Concern about security is one of the biggest inhibitors to using cloud services in most organizations. According to a 2009 Forrester survey of North American and European businesses, 50% said their chief reason for avoiding cloud computing was security concerns. Within five years, however, Forrester expects cloud security to be one of the primary drivers for adopting cloud computing.

So why has there been such a change in the view of security in the cloud? A lot of this has come from the cloud providers themselves realizing that a key to increasing cloud adoption is a focus on security. IBM and Amazon AWS have come out in recent years with a robust set of details on how they protect cloud services and the results of independent evaluations of their security and responses to independent organizations like the Cloud Security Alliance.

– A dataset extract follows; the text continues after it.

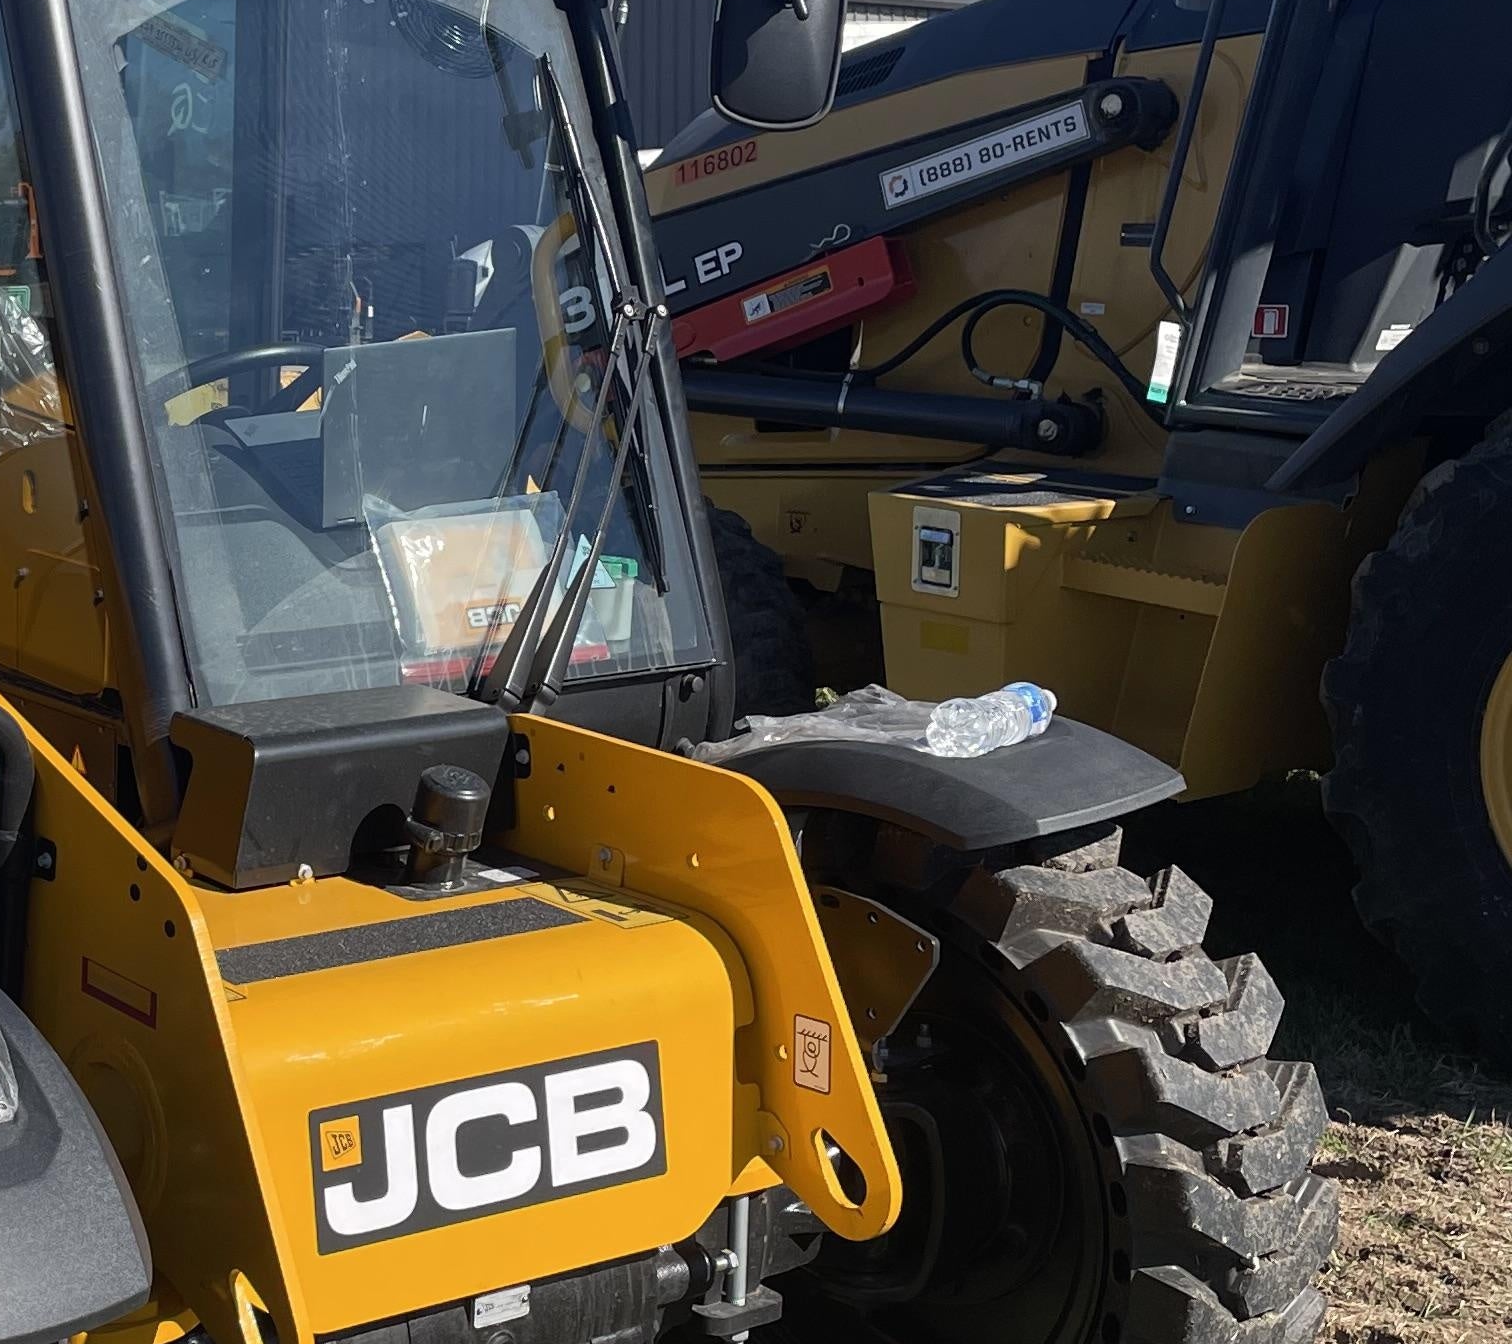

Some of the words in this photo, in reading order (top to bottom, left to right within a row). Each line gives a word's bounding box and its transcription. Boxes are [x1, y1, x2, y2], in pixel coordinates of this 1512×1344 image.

Security Is a Shared Responsibility

Amazon has an impressive set of compliance and security credentials on its AWS Security and Compliance Center. Delving deeper into the AWS security whitepapers, clients will note that Amazon has clearly stated that security is a shared responsibility in AWS. Amazon certifies the infrastructure, physical security, and host operating system. This takes a significant portion of the burden of maintaining compliance and security off of AWS customers. However, AWS customers are still responsible for patching the software they install into the infrastructure, guest operating system updates, and firewall and access policies in AWS. AWS customers will need to evaluate their in-house policies and how they translate to cloud services.

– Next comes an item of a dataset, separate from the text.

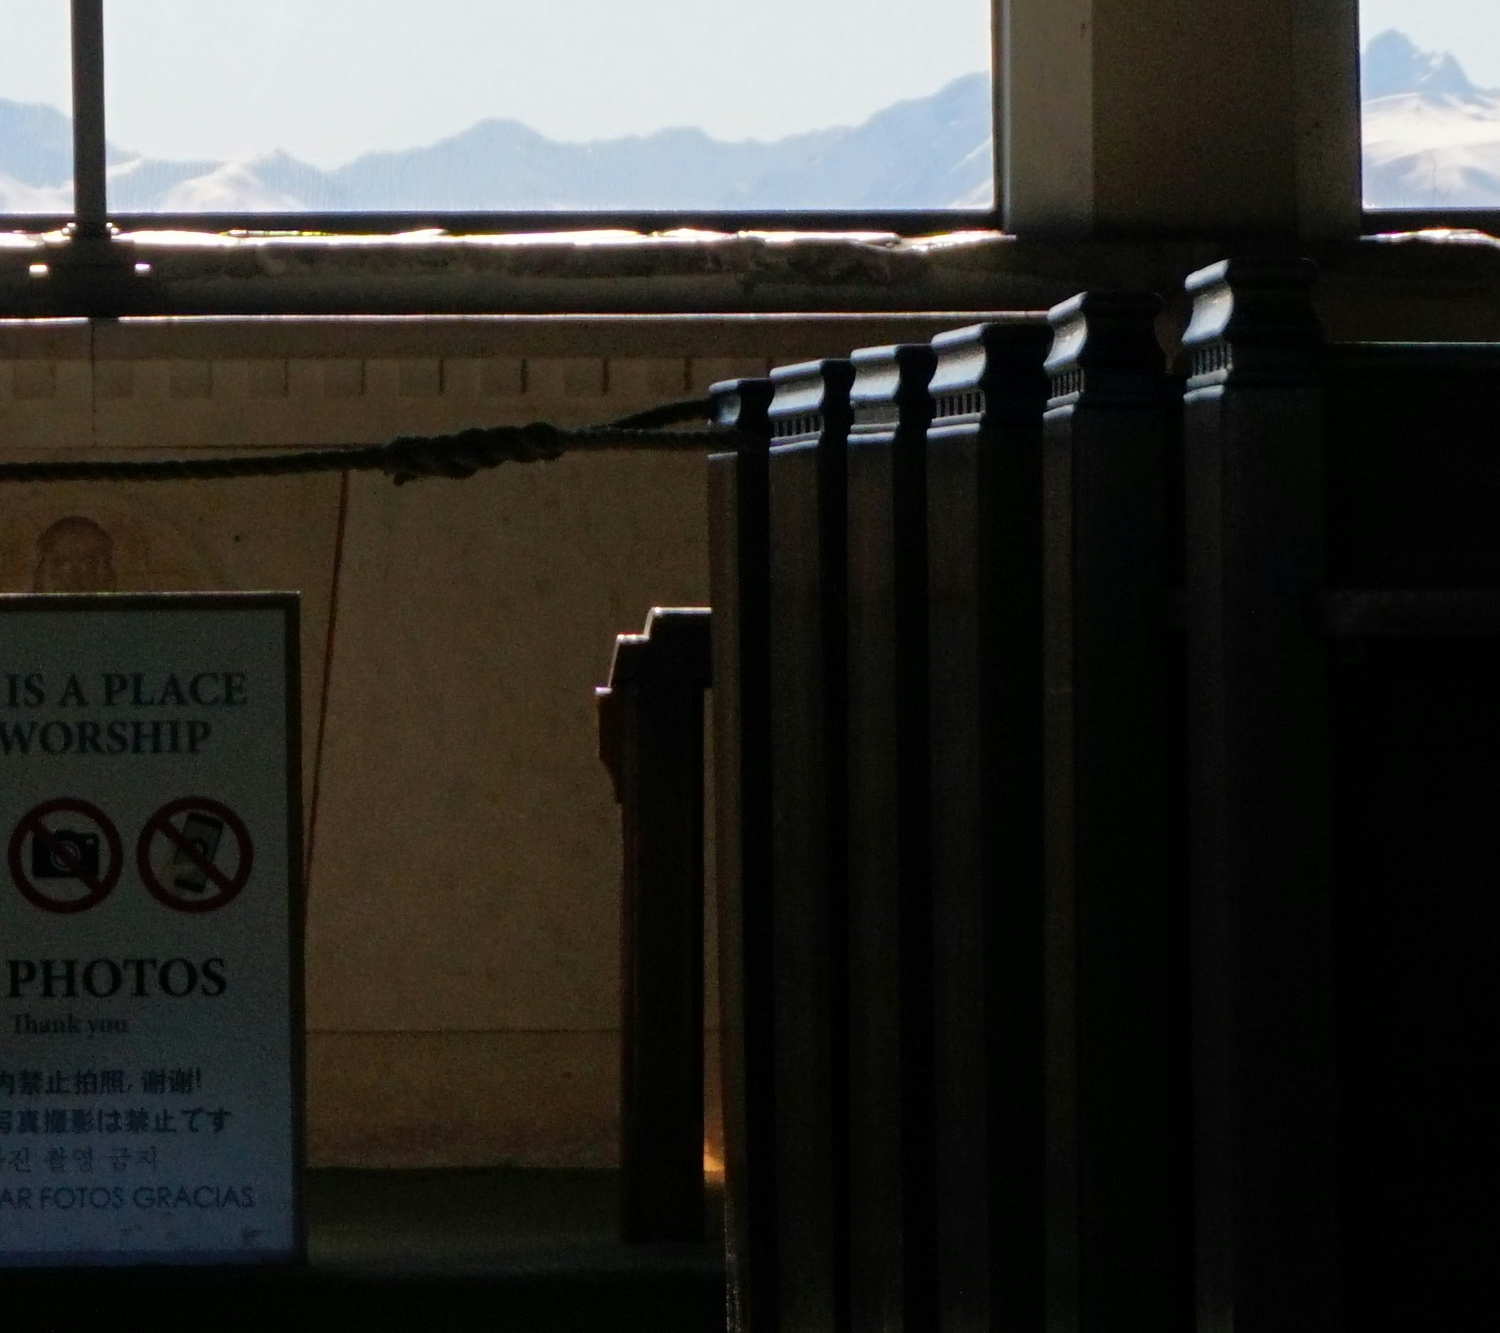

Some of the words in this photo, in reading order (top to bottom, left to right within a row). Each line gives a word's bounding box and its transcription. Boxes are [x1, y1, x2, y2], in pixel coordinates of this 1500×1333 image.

Data Security in Elastic MapReduce

Amazon EMR heavily uses S3 for data input and output with Job Flows. All data transfers to and from S3 are performed via SSL. Also, the data read and written by EMR is subject to the permissions set on the data in the form of access control lists (ACLs). An EMR job only has access to the data written by the same user. You can control these permissions by editing the S3 bucket’s permissions to allow only the applications that need access to the data to use it.

TIP

Amazon has a number of excellent whitepapers at its Security and Compliance Center. A review of its security overview with your internal security team should be done before you move critical components and data to AWS services. Every project should also review the list of security best practices prior to launch to verify it is compliant with Amazon’s recommendations. If your organization works with medical and patient data, make sure to also check out the AWS HIPAA and HITECH compliance whitepapers.

Uptime and Availability

As applications and services are moved to the cloud, businesses need to evaluate and determine the risk of having an outage of their cloud services. This is a concern even with private data centers, but many organizations fear a lack of control when they no longer have physical access to their data center resources. For some, this fear has been validated by a number of high-profile outages and cloud service providers, including Amazon AWS services. The most recent was the infamous Christmas Eve AWS outage that took Netflix services offline during the holiday season.

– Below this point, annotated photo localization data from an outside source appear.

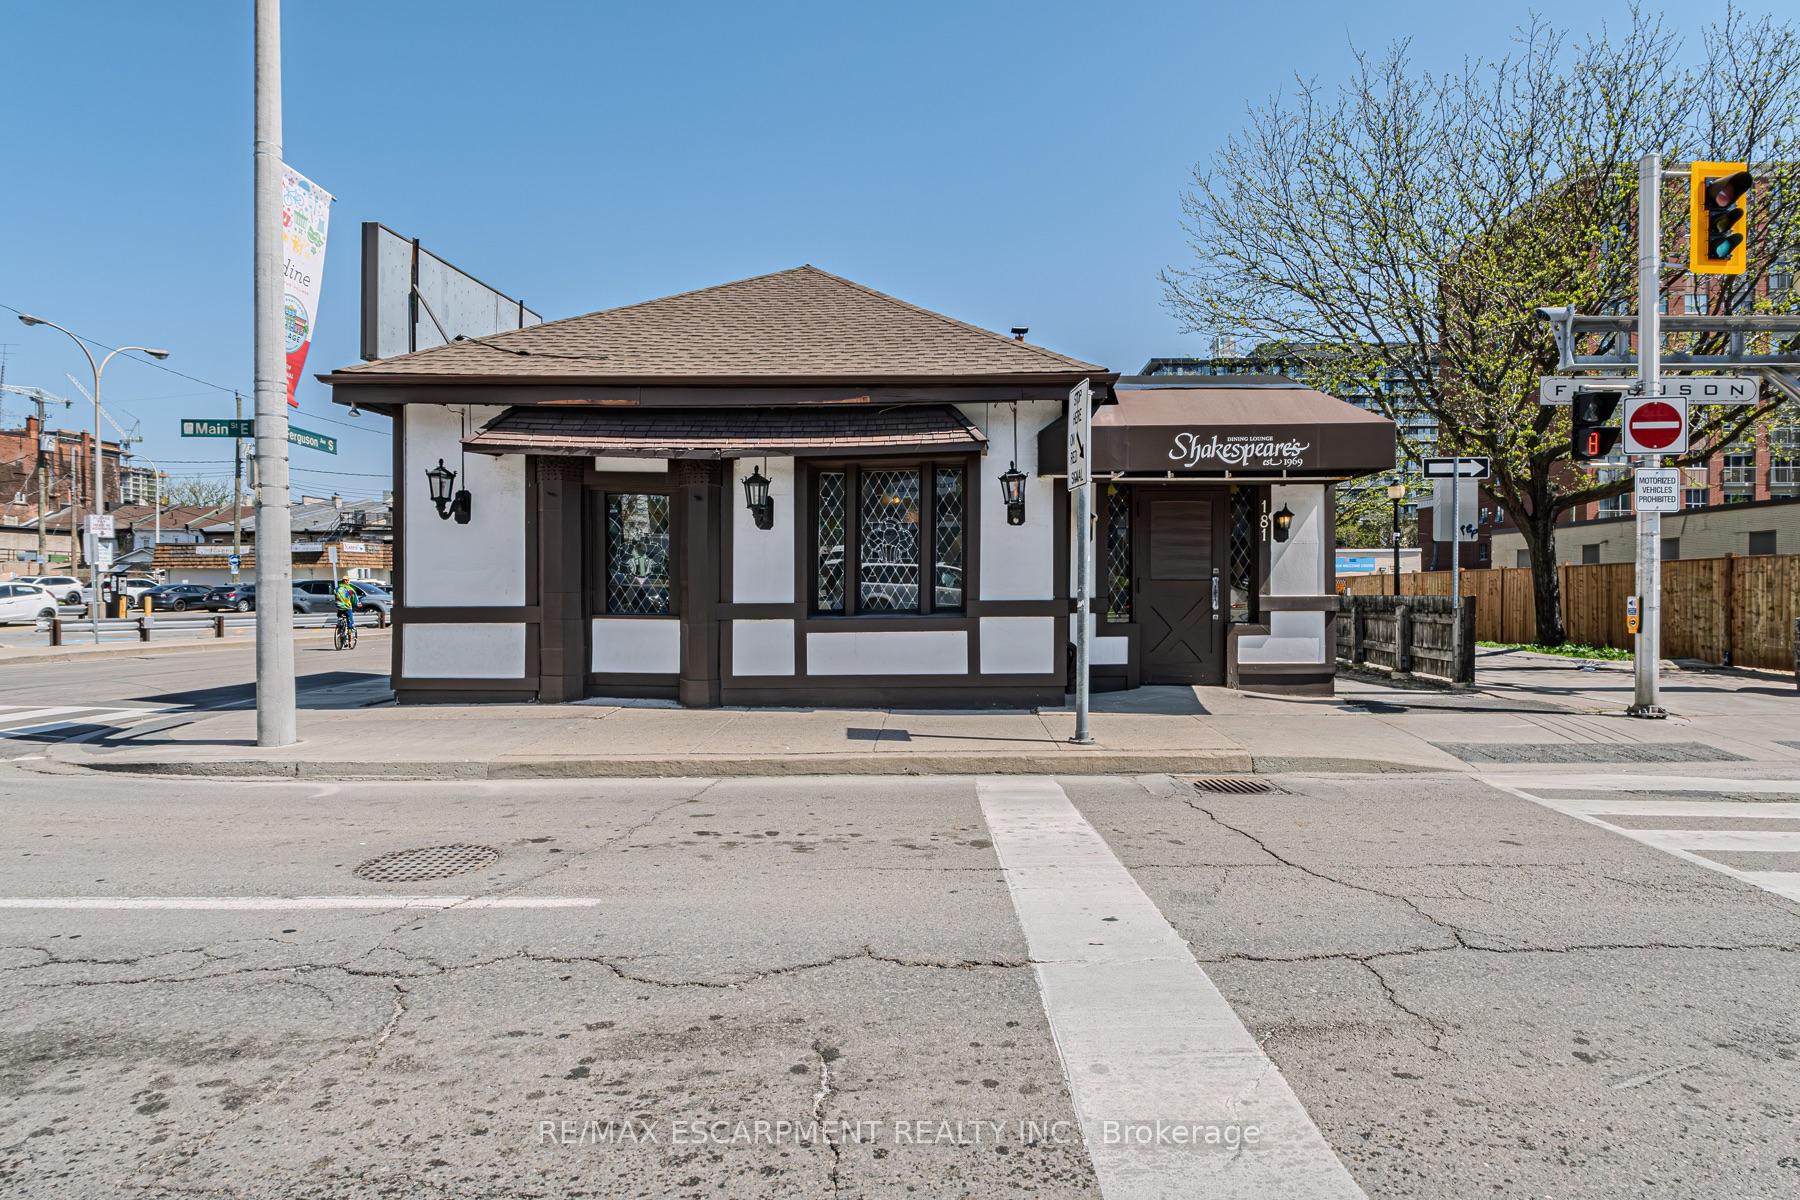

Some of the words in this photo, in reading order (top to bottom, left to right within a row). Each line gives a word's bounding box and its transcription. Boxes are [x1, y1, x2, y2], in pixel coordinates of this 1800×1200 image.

[1073, 389, 1083, 407] STOP
[1072, 407, 1083, 425] HERE
[195, 421, 229, 435] Main
[240, 422, 249, 435] E
[287, 428, 319, 448] erguson
[327, 439, 334, 451] S
[1168, 432, 1310, 467] Shakespeare's
[1283, 456, 1303, 467] 1969
[1638, 476, 1676, 485] MOTORIZED
[1641, 486, 1673, 494] VEHICLES
[1638, 495, 1677, 503] PROHIBITED
[1260, 499, 1269, 542] 181

AWS has a number of resources to help customers manage availability and uptime risks to their cloud services.

Regions and availability zones

Amazon has data centers located in the United States and around the globe. These locations are detailed as regions, and customers can pick multiple regions when setting up AWS services to reduce the risk of an outage in an Amazon region. Each region has redundancy built in, with multiple data centers laid out in each region in what Amazon calls availability zones. Amazon’s architecture center details how to make use of these features to build fault-tolerant applications on the AWS platform.

Service level agreement (SLA)

Amazon provides uptime guarantees for a number of the AWS services we covered in this book. These SLAs provide for 99.95% uptime and availability for the EC2 instances, and 99.9% availability for S3 data services. Businesses are eligible for service credits of up to 25% when availability drops below certain availability thresholds.